More than 100 ferry workers have been let go after failing to comply with a COVID-19 vaccine mandate.
In August 2021, Washington State Ferry employees were informed of a proclamation issued by Gov. Jay Inslee that requires all state employees, higher education, childcare and K-12 education employees and most health and long-term care providers to be fully vaccinated by Oct. 18 .
A total of 121 WSF employees who chose not to comply with the mandate were fired. As a result, the fleet has been reduced, creating disruptions to the schedule.
Chair of the San Juan Island Ferry Advisory Committee, Jim Corenman said, “Things will either get better or they will get worse,” of WSF’s efforts to work out the staffing issues.
On Oct. 21, the Mukilteo/Clinton ferry was delayed so much that it would have been faster to drive around to each destination rather than cut through the water. In the San Juans, the ferries are operating on a reduced, three-boat schedule, which is causing hours-long delays. On Oct. 19, the San Juans’ interisland ferry was canceled entirely.
A Chief Engineer at WSF, Craig Henriksen, is so strongly opposed to getting vaccinated that he risks suffering from paralysis. Henriksen broke his back in the 90s.
“The doctors thought I wasn’t going to walk again,” he said.
Today, Henriksen is walking but he has to make sure he routinely visits a chiropractor to stay mobile. He was one of many who was fired on Oct. 18 and now has had his healthcare revoked and fears not being able to afford chiropractor services without it.
Christopher Anderson, who had been a deckhand for WSF since 2015, said, “This all would’ve been avoidable if they granted us reasonable accommodations.”
Anderson had been approved for medical exemption from the vaccine, but WSF did not accommodate it. He said he had made it clear to WSF that he was gladly willing to do other things to protect himself and others, including wearing a mask throughout the entirety of his shift, socially distancing and getting a weekly COVID test.
“There are ways it can be accommodated but the ferries are choosing not to do that,” he said. “So now, WSF is saying that if I am unvaccinated it is still not enough for me to do those things.”
The Department of Health website has a list of ways to accommodate those who are unvaccinated, which Anderson said he checked prior to receiving his exemption.

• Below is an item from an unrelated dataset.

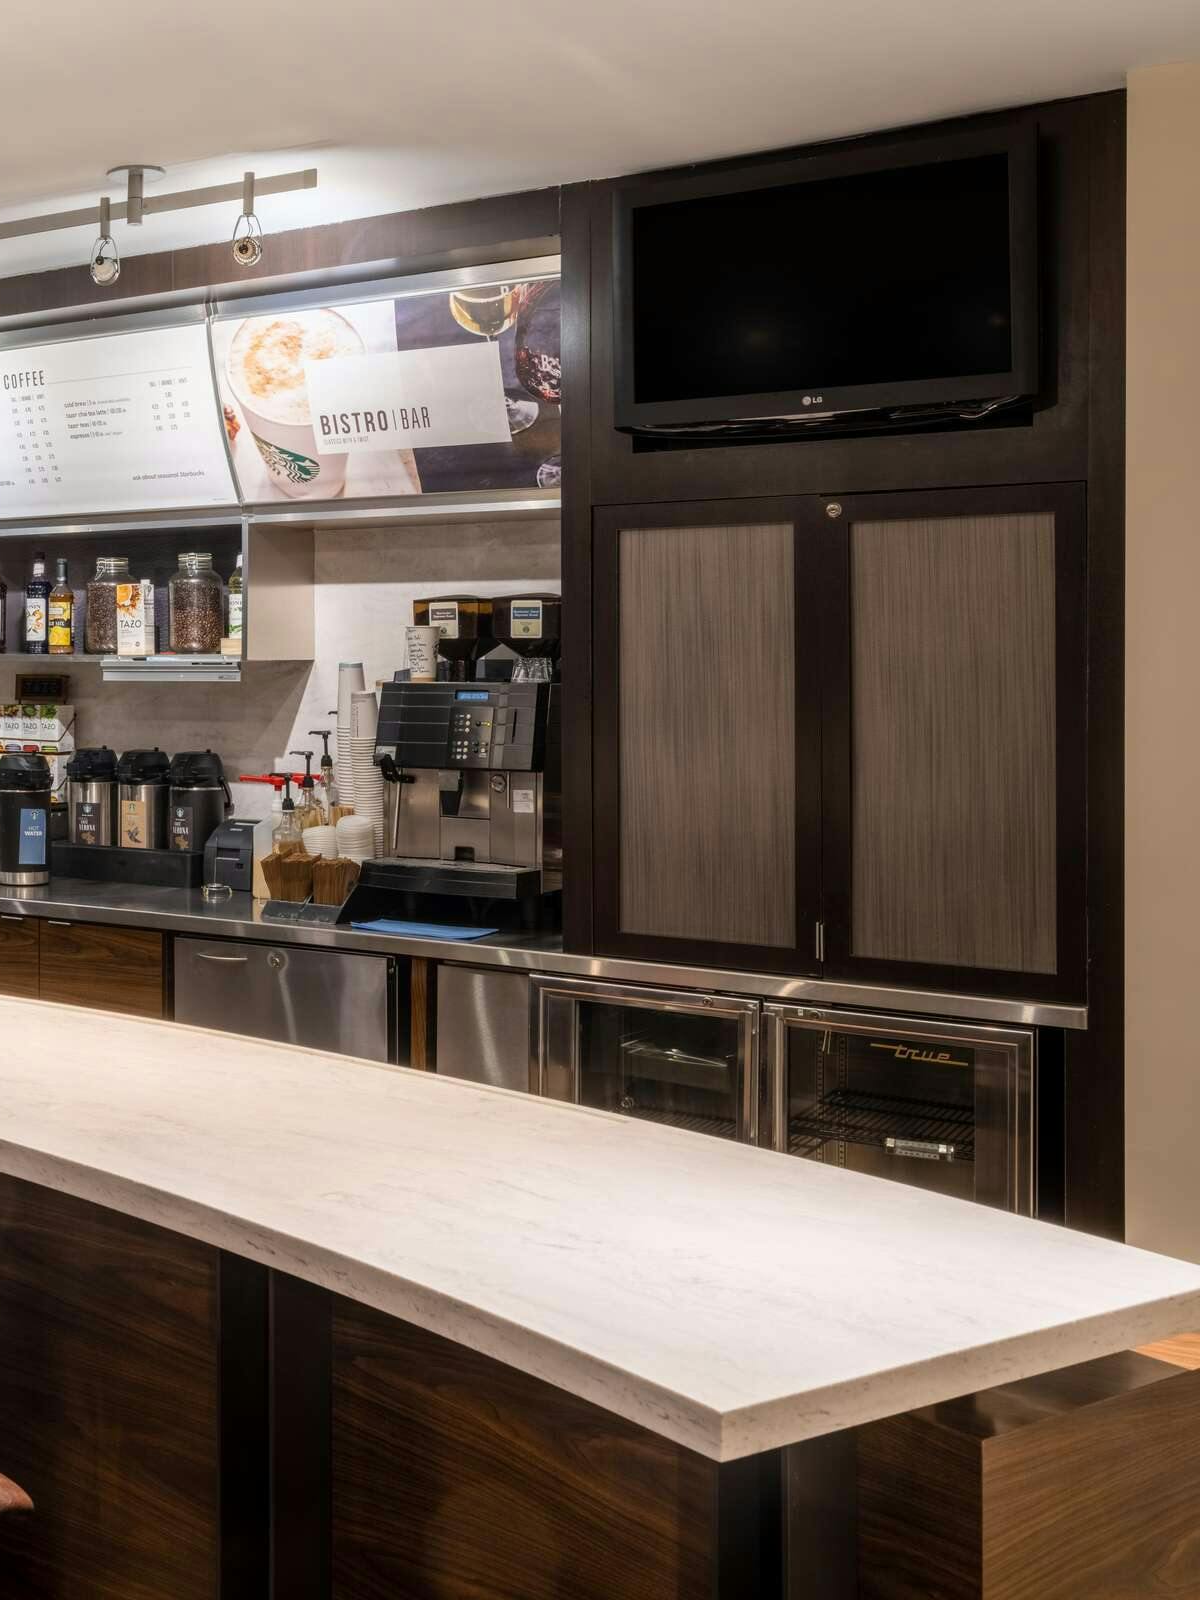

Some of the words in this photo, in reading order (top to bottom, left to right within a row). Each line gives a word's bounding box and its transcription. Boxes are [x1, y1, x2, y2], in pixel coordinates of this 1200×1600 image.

[3, 370, 45, 391] COFFEE
[320, 410, 389, 436] BISTRO
[400, 406, 431, 430] BAR
[119, 619, 142, 629] TAZO

Henriksen received a religious exemption for the vaccine.
“My coworkers called me, literally grown men on the verge of tears, saying they’re losing their job, they have a family to feed, but they have their mind made up. They’re not getting vaccinated,” he said.

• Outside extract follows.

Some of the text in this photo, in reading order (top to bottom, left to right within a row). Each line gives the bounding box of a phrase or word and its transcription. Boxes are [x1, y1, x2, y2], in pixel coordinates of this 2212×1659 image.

During the majority of Henriksen’s shift, he does not come in close contact with others. Both Anderson and Henriksen see a bias in the HR department.
“It is a mandate, not a law,” Henriksen said. “I don’t understand how it’s got any teeth.”
Although they stand firmly with their opinions, Anderson and Henriksen expressed sadness over the ferry delays and how it is impacting stakeholders.
“I mean, you have an airport where people can fly but most people can’t afford that. And the ferries are their only option to go to medical appointments to get groceries and when they’re being stranded for hours on end at the terminals,” Anderson said. “I mean, it’s not right. And that’s not what the ferry should be about. They should be about providing dependable reliable service to everybody that depends on the extension of the state highway system.”
So far, WSF is still figuring out how to work around the new staff shortage.
“It is still unknown what the specific impacts will be, but the current reduced schedule is creating significant impacts for both residents and commercial traffic,” Corenman said. “We are very grateful and appreciative of the WSF employees- the vast majority- who have come to work and continue to provide a critical service for our county.”